**WHAT TO WORK ON**
In the listing below, find the line that contains "this 1600×900 image." and the line that contains "this 924×1600 image.". Quote both and every line between them, exactly, and nothing more.

**DATA PROVIDED**

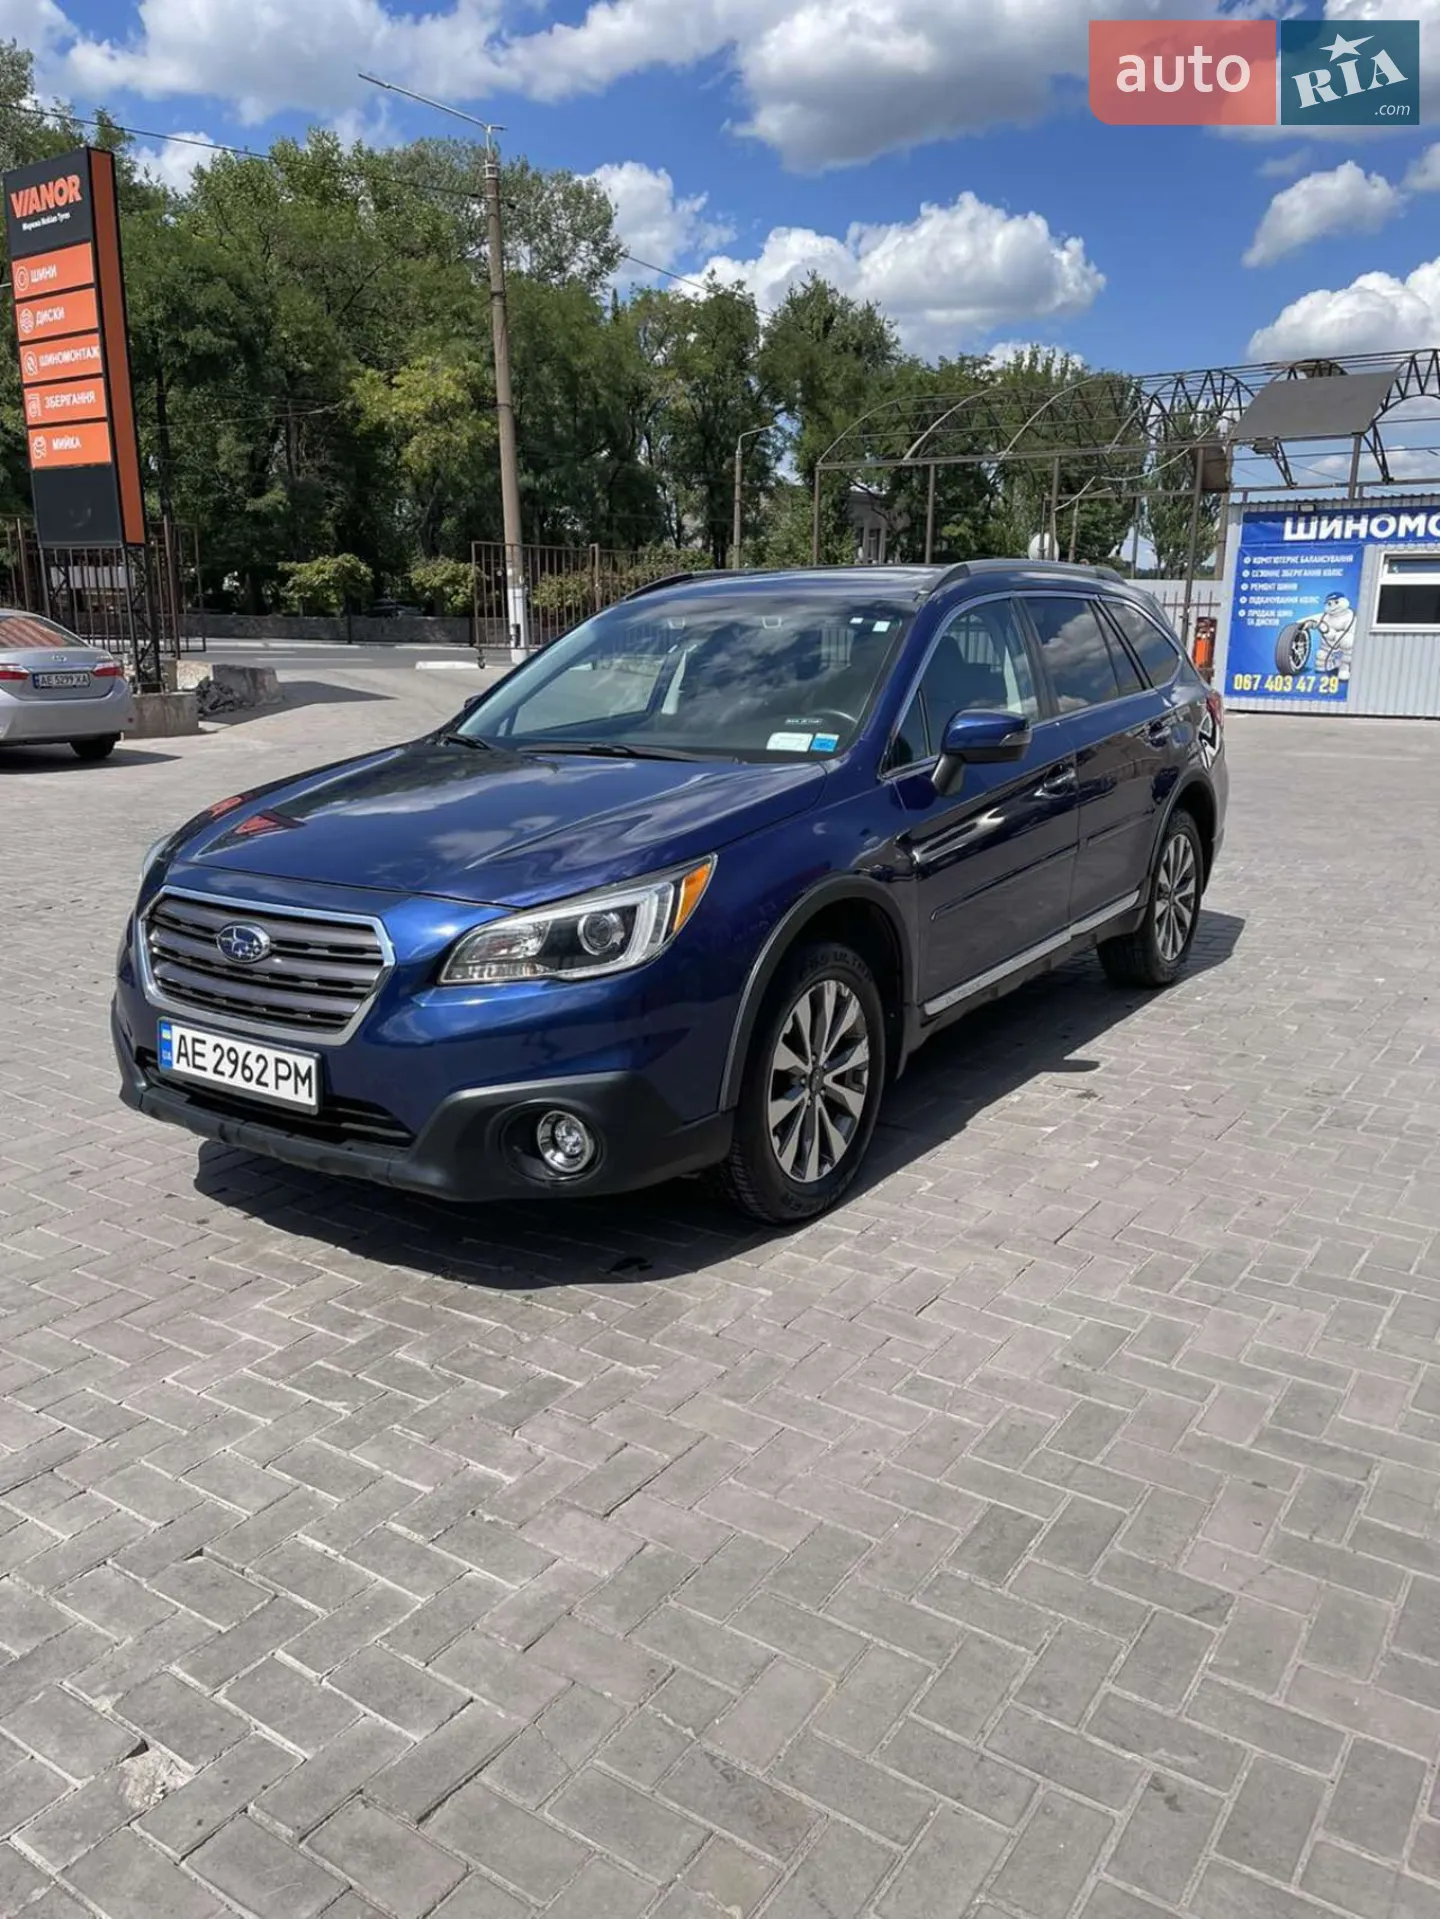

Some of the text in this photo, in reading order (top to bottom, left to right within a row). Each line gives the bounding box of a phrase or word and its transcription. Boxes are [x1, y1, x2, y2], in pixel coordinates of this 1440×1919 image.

--

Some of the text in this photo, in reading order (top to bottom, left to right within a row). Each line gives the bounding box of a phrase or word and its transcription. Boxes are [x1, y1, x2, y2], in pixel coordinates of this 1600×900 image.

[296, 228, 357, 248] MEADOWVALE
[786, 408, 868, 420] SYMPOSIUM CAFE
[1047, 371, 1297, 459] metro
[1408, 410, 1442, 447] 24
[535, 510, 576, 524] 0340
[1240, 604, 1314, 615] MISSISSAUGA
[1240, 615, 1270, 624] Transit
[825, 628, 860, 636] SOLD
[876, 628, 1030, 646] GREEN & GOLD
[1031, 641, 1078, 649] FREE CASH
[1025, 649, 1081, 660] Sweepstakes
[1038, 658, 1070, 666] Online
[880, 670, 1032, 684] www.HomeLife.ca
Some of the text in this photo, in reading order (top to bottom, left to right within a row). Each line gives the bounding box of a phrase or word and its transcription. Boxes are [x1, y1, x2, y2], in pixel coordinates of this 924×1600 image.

**RESPONSE BOX**
Some of the text in this photo, in reading order (top to bottom, left to right within a row). Each line gives the bounding box of a phrase or word and its transcription. Boxes are [x1, y1, x2, y2], in pixel coordinates of this 1600×900 image.

[296, 228, 357, 248] MEADOWVALE
[786, 408, 868, 420] SYMPOSIUM CAFE
[1047, 371, 1297, 459] metro
[1408, 410, 1442, 447] 24
[535, 510, 576, 524] 0340
[1240, 604, 1314, 615] MISSISSAUGA
[1240, 615, 1270, 624] Transit
[825, 628, 860, 636] SOLD
[876, 628, 1030, 646] GREEN & GOLD
[1031, 641, 1078, 649] FREE CASH
[1025, 649, 1081, 660] Sweepstakes
[1038, 658, 1070, 666] Online
[880, 670, 1032, 684] www.HomeLife.ca
Some of the text in this photo, in reading order (top to bottom, left to right within a row). Each line gives the bounding box of a phrase or word and its transcription. Boxes are [x1, y1, x2, y2], in pixel coordinates of this 924×1600 image.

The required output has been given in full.